## The task
I would like the entries transcribed word for word, please, with the pictures removed.

## Recorded information
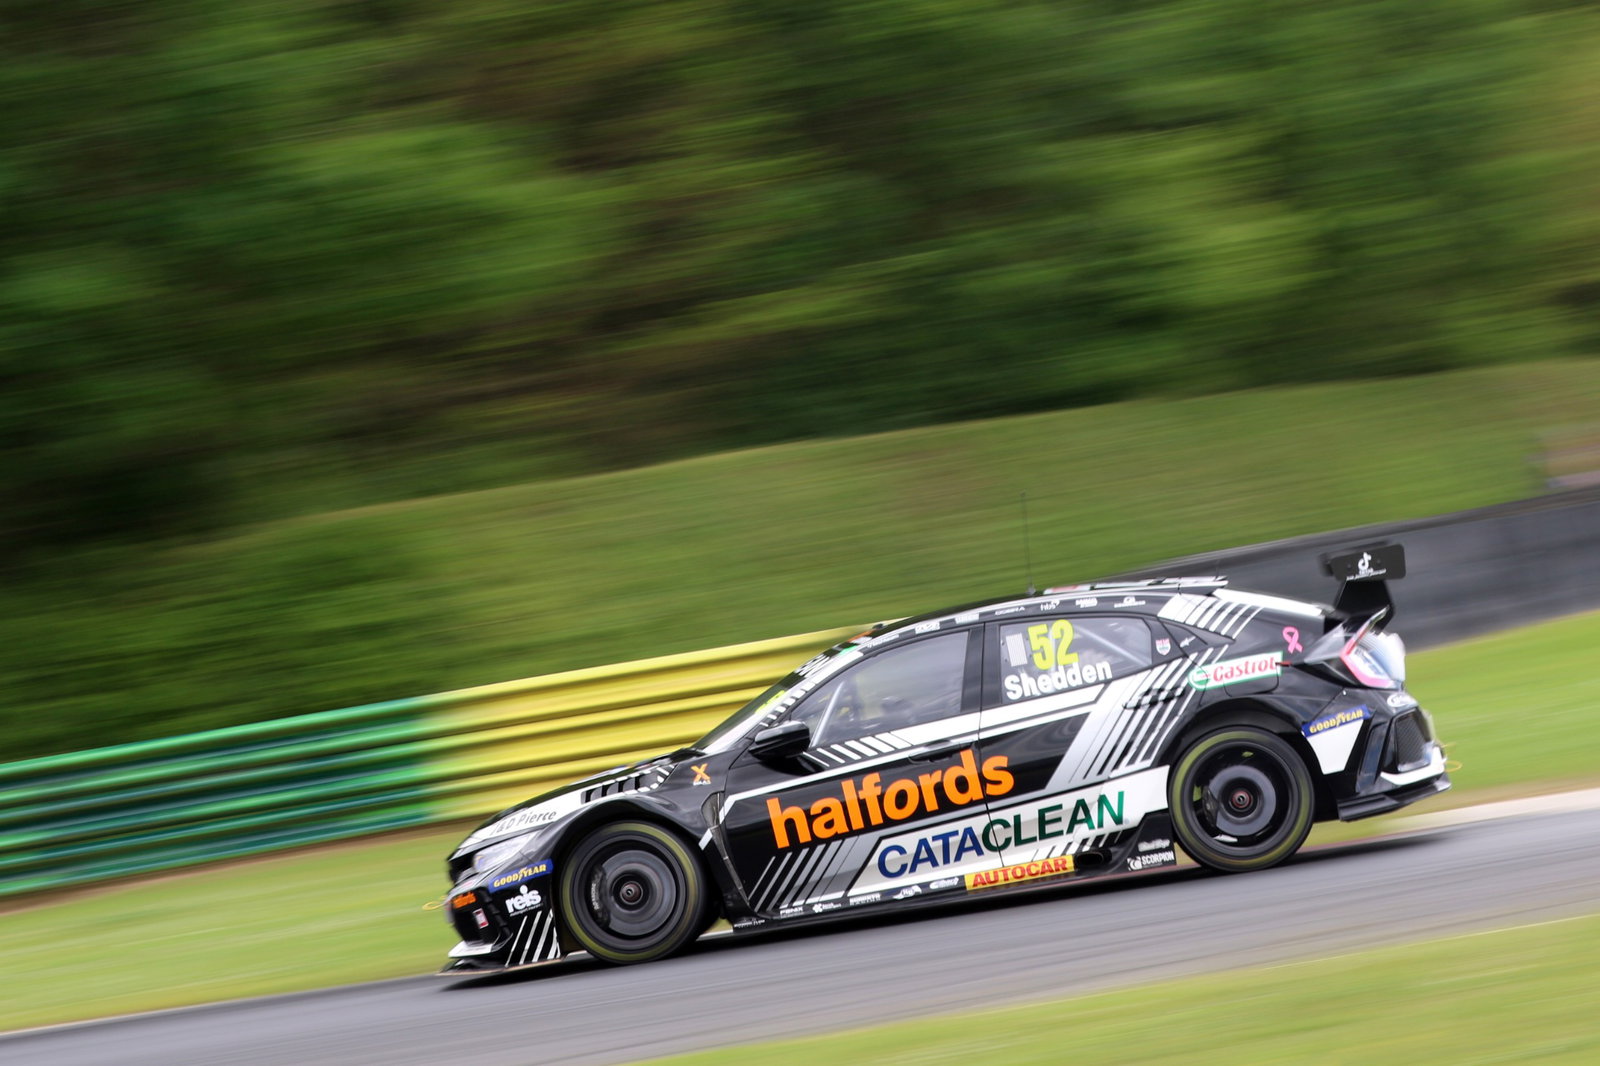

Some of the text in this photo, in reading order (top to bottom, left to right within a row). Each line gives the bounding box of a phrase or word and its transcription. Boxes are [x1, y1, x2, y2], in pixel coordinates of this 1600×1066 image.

[1027, 618, 1079, 670] 52
[1004, 660, 1113, 700] Shedden
[1212, 656, 1277, 682] Castrol
[1309, 709, 1364, 734] GOODYEAR
[766, 748, 1015, 849] halfords
[516, 810, 557, 827] Pierce
[877, 790, 1125, 879] CATACLEAN
[972, 857, 1069, 888] AUTOCAR
[1141, 850, 1175, 866] SCORPION
[493, 864, 547, 888] GOODYEAR
[505, 884, 542, 914] reis
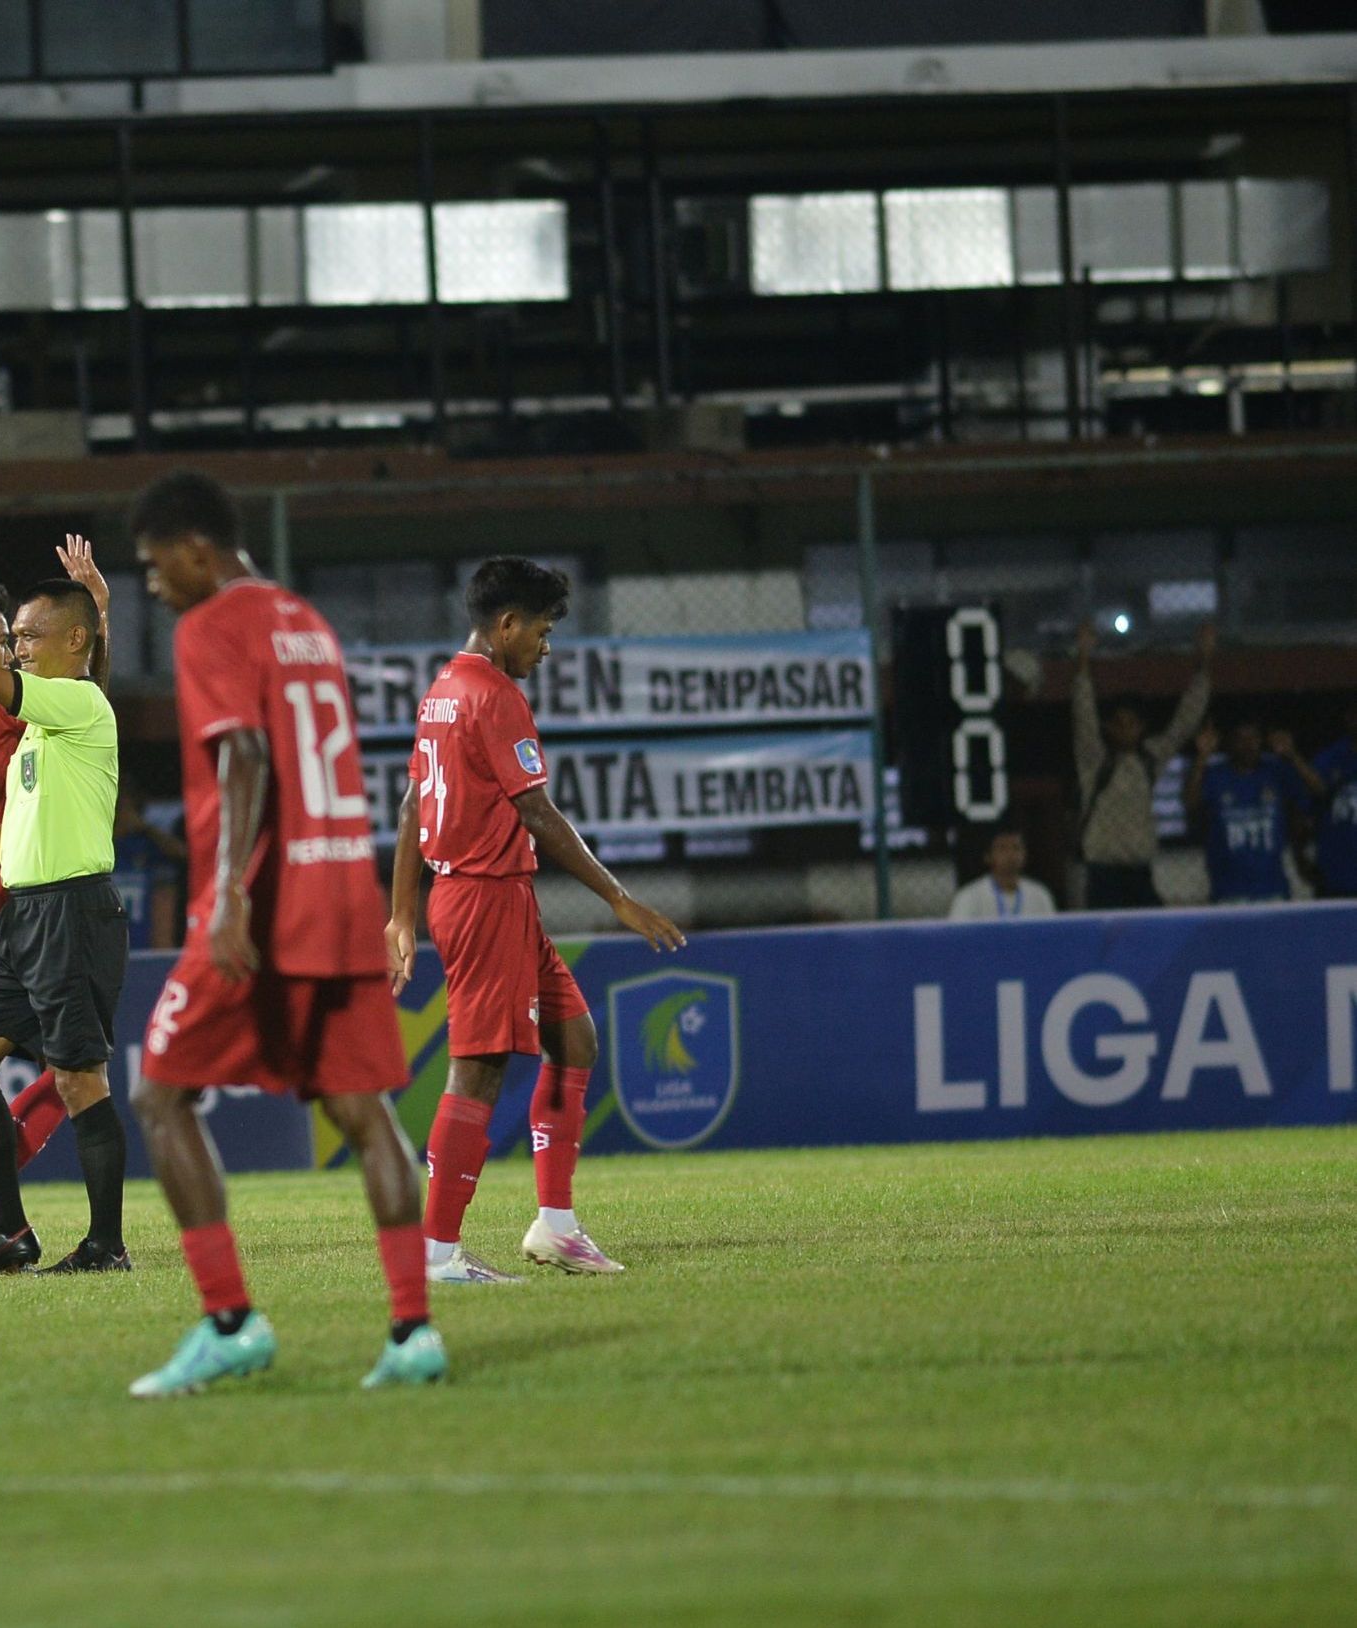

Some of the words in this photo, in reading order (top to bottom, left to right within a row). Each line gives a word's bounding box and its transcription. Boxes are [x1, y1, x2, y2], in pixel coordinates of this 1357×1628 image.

## Response to the task
Some of the text in this photo, in reading order (top to bottom, left to right within a row). Each line gives the bounding box of a phrase or word and its transcription. Boxes are [x1, y1, x2, y2], in pixel coordinates of this 1600×1066 image.

[1027, 618, 1079, 670] 52
[1004, 660, 1113, 700] Shedden
[1212, 656, 1277, 682] Castrol
[1309, 709, 1364, 734] GOODYEAR
[766, 748, 1015, 849] halfords
[516, 810, 557, 827] Pierce
[877, 790, 1125, 879] CATACLEAN
[972, 857, 1069, 888] AUTOCAR
[1141, 850, 1175, 866] SCORPION
[493, 864, 547, 888] GOODYEAR
[505, 884, 542, 914] reis

Some of the words in this photo, in reading order (top to bottom, left to right within a row). Each line gives a word's bounding box and its transcription. Boxes are [x1, y1, x2, y2], in pixel coordinates of this 1357×1628 image.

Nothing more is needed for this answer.